The air in here was so humid that it felt like I was choking on every breath that I was trying to drag into my lungs, so I flung my legs out of the bed and reached for my jeans, Lizzie was instantly on her feet happy to be going somewhere or happy to having something to do. I padded down to the kitchen and slid open the French doors that led out on to the patio. Gasping in breath after breath, I felt myself begin to calm down and the sweat started to pass. I was still slightly freaked out by the fact that I had no idea where that dream, or memory, or whatever, had come from.

"What you doing up so early son?" my Dad asked rounding the corner of the house.

My Father; the one man that I had depended on completely throughout my life. It wasn't unusual for him to be around real early in the morning; he would be up at the crack of dawn, sometimes earlier, and he would start all his chores, which usually consisted of him coming down to mine and Matt's place to check that everything was ok. Personally, I had the feeling that he just hadn't gotten used to the fact that I was going to be home for a long while.

"Just a weird dream is all," I replied pulling my cigarettes out of my pocket and handing one to him as he climbed up on to the patio with me.

"Anything you want to talk about?"

"No......yes......no; it's cool, I'll figure it out," I replied holding out the lighter to him so he could light his own cigarette – he always smoked rollies said that they were easier for his throat. I personally couldn't smoke them; they were too tough on my throat.

"Well if you change your mind, you know where I am son,"

"Thanks Dad," I took a seat at the outside dining table, "what about you?....what are you doing up so early?"

"I don't know – I woke up and just couldn't get back to sleep; it's a weird one,"

I was extremely lucky; after all the times that I had supposedly messed up, I had always had the love and the support of my Dad and my brother along with our friends, who were really more like Family to me than anything else. The world around me meant absolutely nothing if I couldn't have them by my side and everyone knew that.

"So what are you planning on doing today?"

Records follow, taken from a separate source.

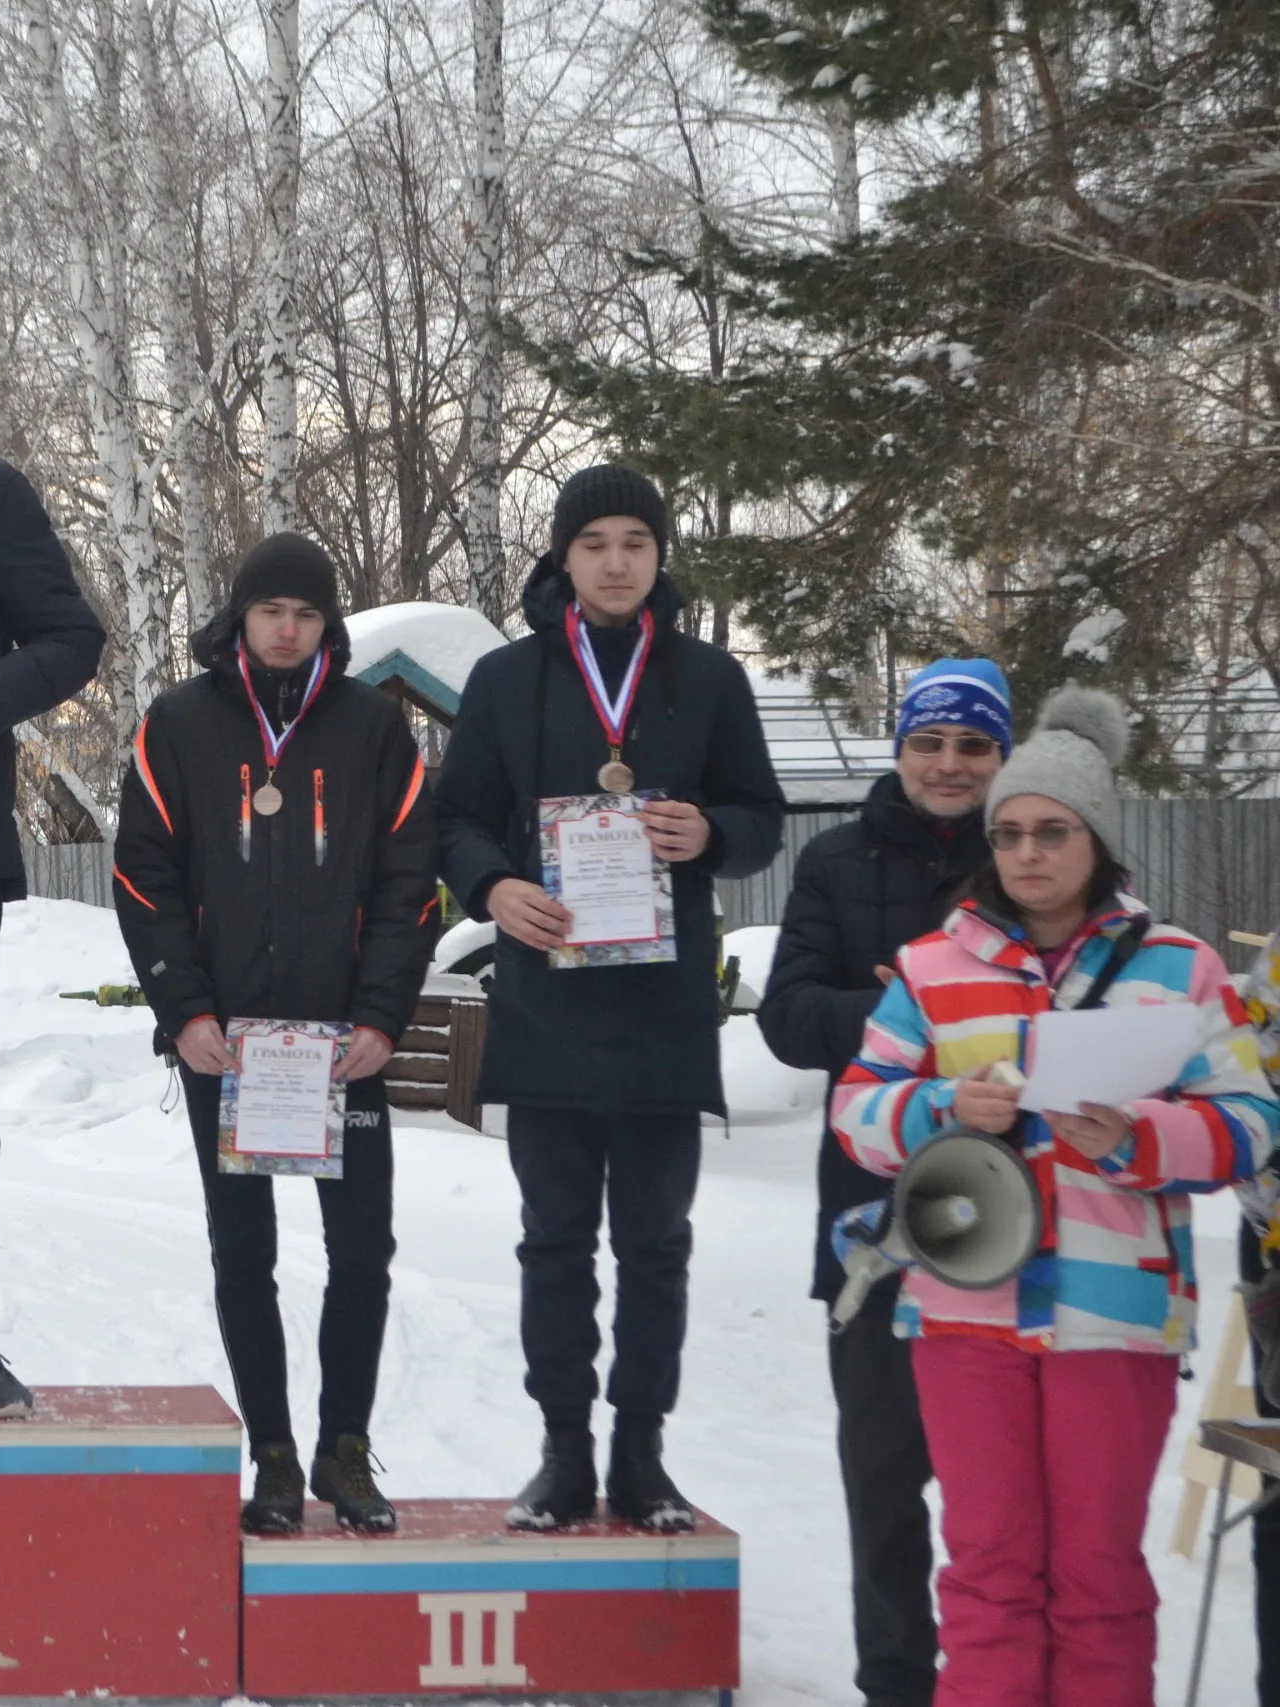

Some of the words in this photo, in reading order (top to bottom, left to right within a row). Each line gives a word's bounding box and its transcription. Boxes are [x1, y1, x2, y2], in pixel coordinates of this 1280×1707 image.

[568, 831, 642, 845] ГРАМОТА
[251, 1047, 322, 1060] ГРАМОТА
[417, 1591, 531, 1687] III
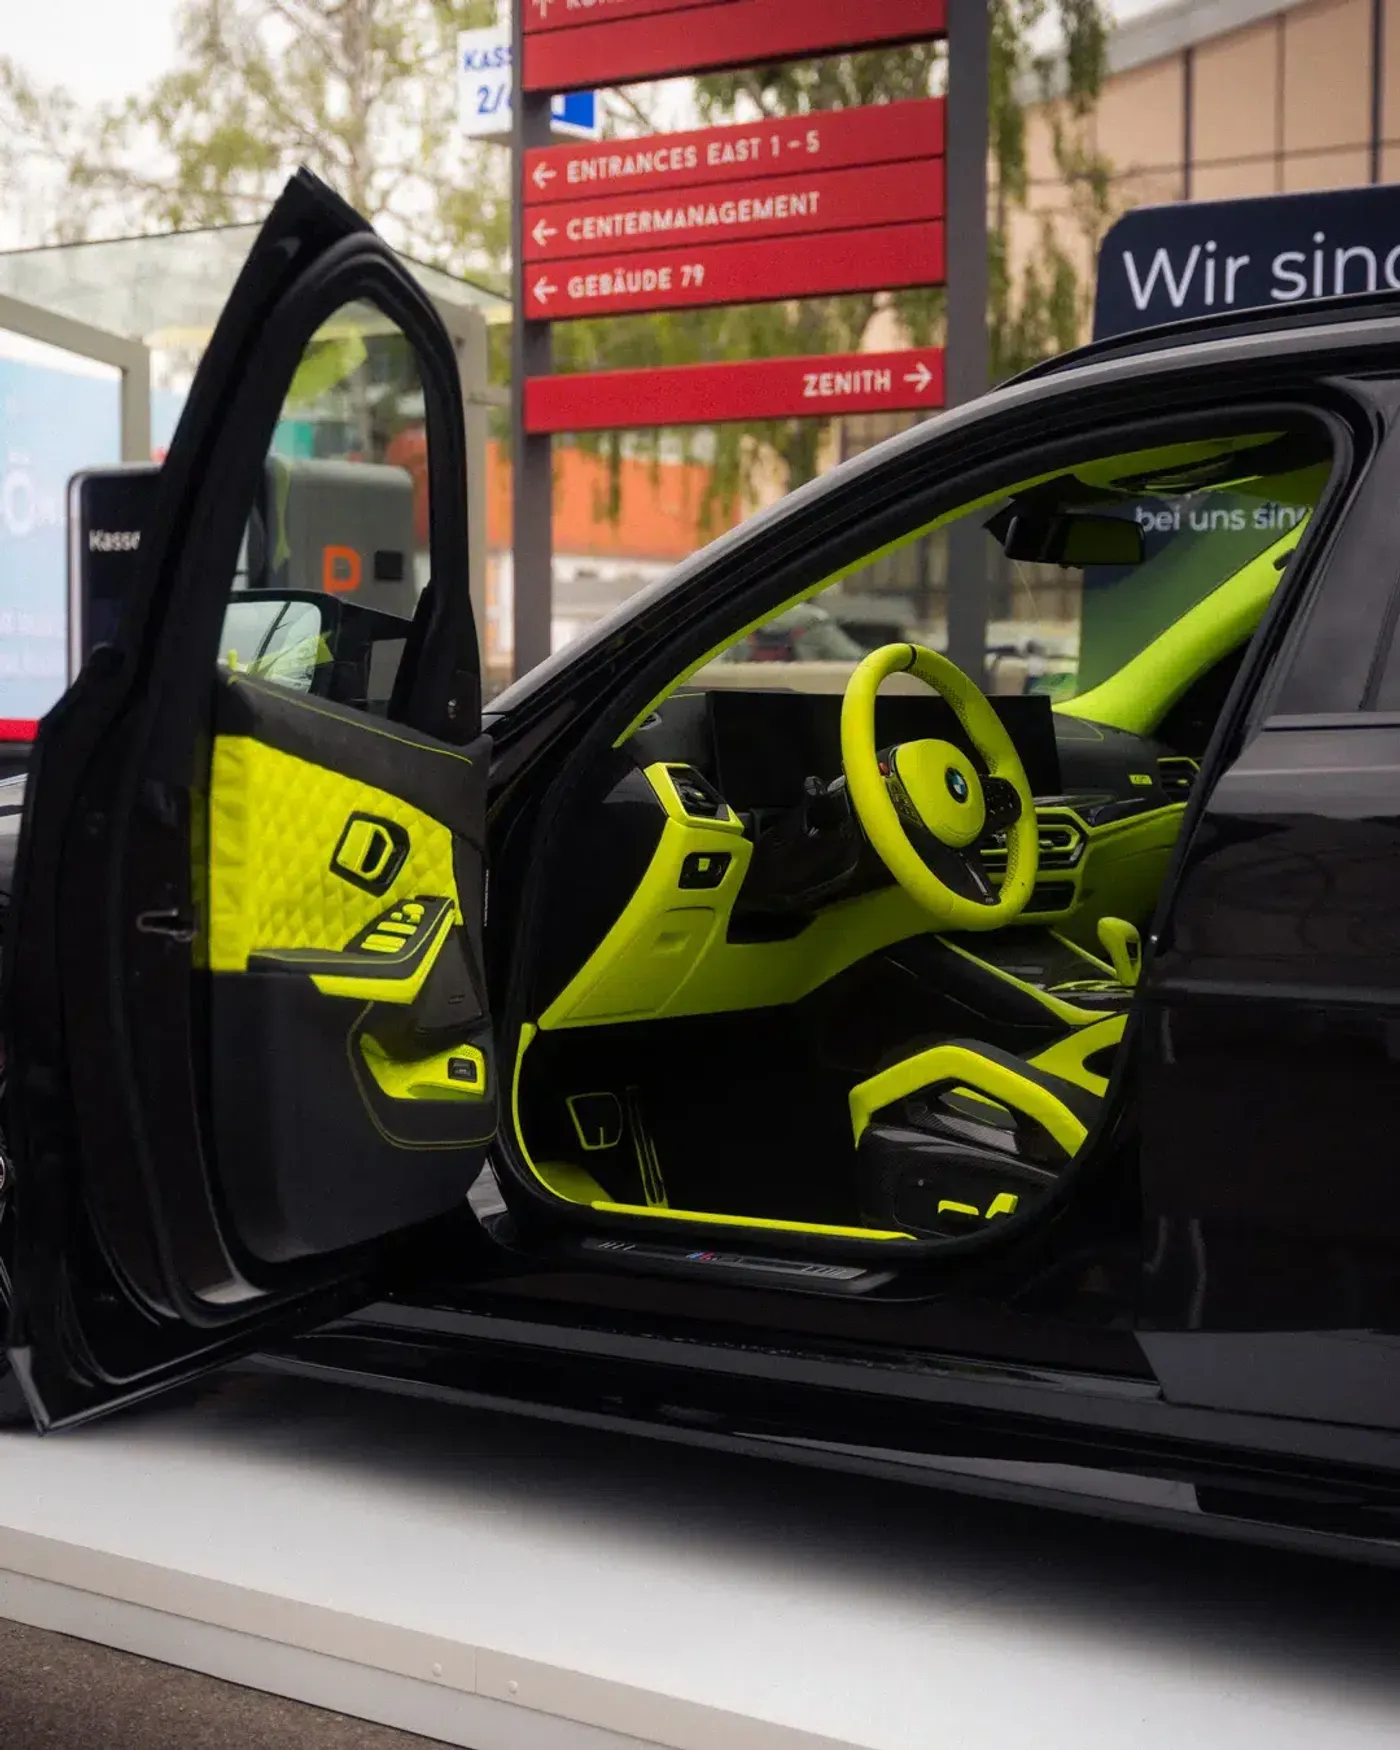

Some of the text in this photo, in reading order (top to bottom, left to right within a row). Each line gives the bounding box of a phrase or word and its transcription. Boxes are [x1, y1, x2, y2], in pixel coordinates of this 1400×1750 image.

[567, 145, 698, 183] ENTRANCES
[707, 137, 762, 166] EAST
[770, 135, 780, 157] 1
[566, 191, 821, 240] CENTERMANAGEMENT
[567, 264, 705, 298] GEBÄUDE 79
[1122, 239, 1250, 310] Wir
[803, 368, 892, 397] ZENITH
[1136, 505, 1181, 531] bei
[1189, 509, 1246, 531] uns
[322, 544, 363, 593] D

"Well I was going to go down to the farm store and pick up some bits and pieces for the veggie patch and then I have a ton of gardening to do......so that should take up most of the day,"

For a man of his age; he was surprisingly spry; he was always on the go and he hated just sitting on his ass doing nothing. I think it came from the years of discipline that he had put in on the tobacco fields – it just became a way of life for him and he hadn't slowed down even when he retired.

"But what about you? Matty mentioned something about a girl......."

"When did you talk to Matt?"

"Last night; he popped in by on his way home,"

Figures; my brother couldn't keep his mouth shut for anyone or anything, especially when it came to my love life. It was like he was always on the lookout for some way to tease me or embarrass me. Heaven forbid I should do the same to him though.

"It's nothing.......I probably won't even see her again anyway,"

"What makes you say that?"

"I just.........we don't really run in the same circles is all," I admitted honestly.

When Shannon and Matt had left mine the previous night, I had sat and thought about Roni for a long time – the images of her, the scent of her still lingered on my nose and sound of her voice was like bells chiming, which sounds corny as Hell I know but it was truly the only way that I could describe her.

"What does that have to do with anything?" my Dad asked watching me closely to see if I was going to attempt to lie to him, which he should know by now I wouldn't – because every time I had tried to lie to him in the past; he had called me on it, "you and Gina didn't run in the same circles when you 2 met......."

"And look how that ended up?" I sighed heavily.

"Not every relationship is doomed to end badly son,"

"No I know it's just......"

"Just what?"

"There was something weird......when I looked at her and when we talked; it was like......forget it – it's stupid....."

"If you felt it, it isn't stupid now tell me......maybe an old man like me might be able to help,"

Taking a deep breath, I explained the feelings that I had when I had been around Roni yesterday – the way it had felt so natural to talk to her, like I had been doing it for years and the way her eyes had spoken to me – telling me that I would be loved and cared for with her. It was all so strange but so intense at the same time that trying to explain was making me frustrated – more because I just couldn't get my head around what had happened.

Maybe I was over reacting and maybe I wasn't – the only way that I would only be able to really tell was if I saw her again and got talking to her. Only then would the mystery be cleared up.......hopefully.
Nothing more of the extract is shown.